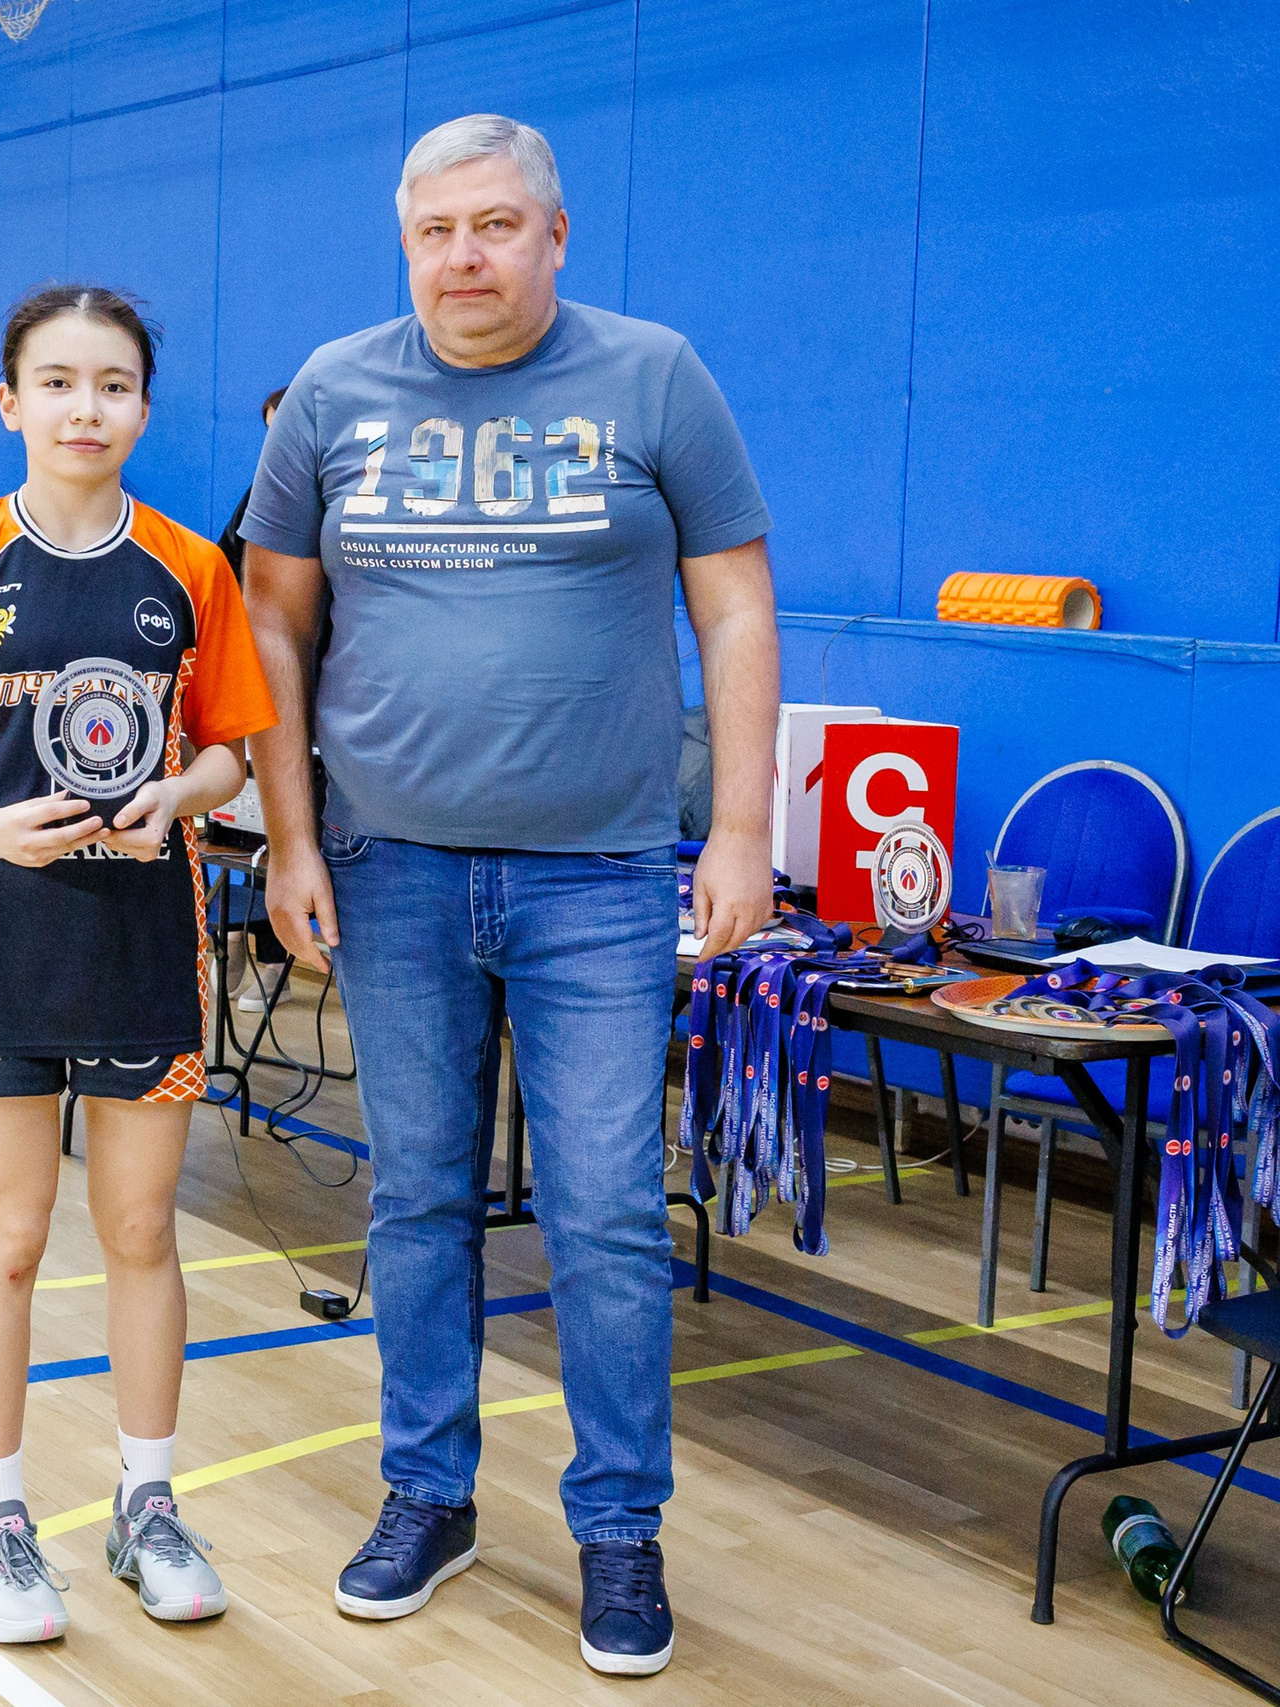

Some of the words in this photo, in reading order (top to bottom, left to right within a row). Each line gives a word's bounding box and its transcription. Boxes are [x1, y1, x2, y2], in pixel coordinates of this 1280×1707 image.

[605, 419, 616, 445] TOM
[343, 415, 607, 517] 1962
[340, 541, 382, 554] CASUAL
[385, 542, 500, 554] MANUFACTURING
[503, 542, 538, 554] CLUB
[344, 556, 388, 568] CLASSIC
[389, 558, 441, 569] CUSTOM
[444, 557, 494, 569] DESIGN
[139, 613, 172, 630] РФБ
[1168, 1203, 1177, 1238] ОБЛАСТИ
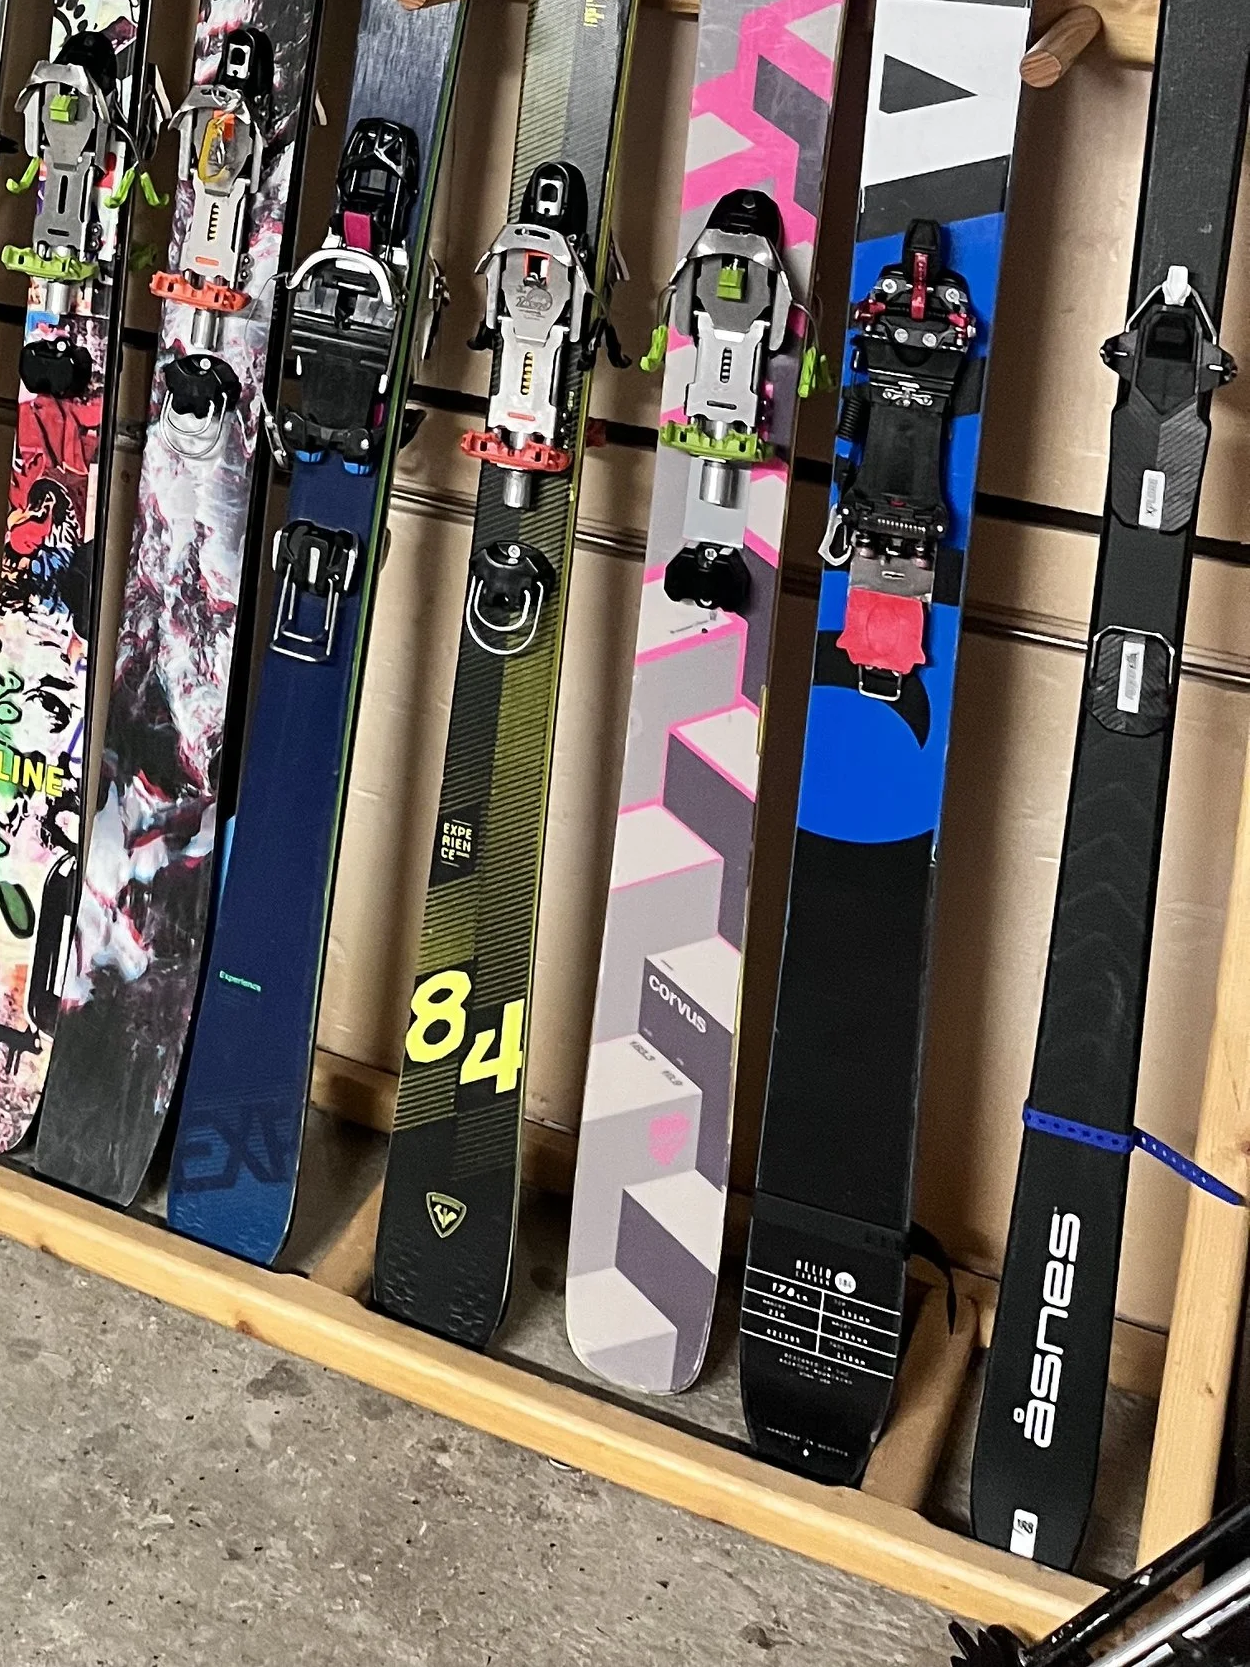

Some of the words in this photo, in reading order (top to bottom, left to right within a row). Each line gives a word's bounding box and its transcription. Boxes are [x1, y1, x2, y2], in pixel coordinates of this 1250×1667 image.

[441, 835, 472, 853] RIEN
[443, 822, 473, 841] EXPE
[405, 970, 526, 1094] 84
[648, 974, 707, 1034] corvus
[1013, 1211, 1081, 1449] åsnes

—————

With the line containing "this 1250×1667 image." as the first and the final line of the records as the last, copy that span exactly and nothing more.

Some of the words in this photo, in reading order (top to bottom, left to right within a row). Each line gives a word's bounding box and its transcription. Boxes are [x1, y1, x2, y2], in pixel coordinates of this 1250×1667 image.

[441, 835, 472, 853] RIEN
[443, 822, 473, 841] EXPE
[405, 970, 526, 1094] 84
[648, 974, 707, 1034] corvus
[1013, 1211, 1081, 1449] åsnes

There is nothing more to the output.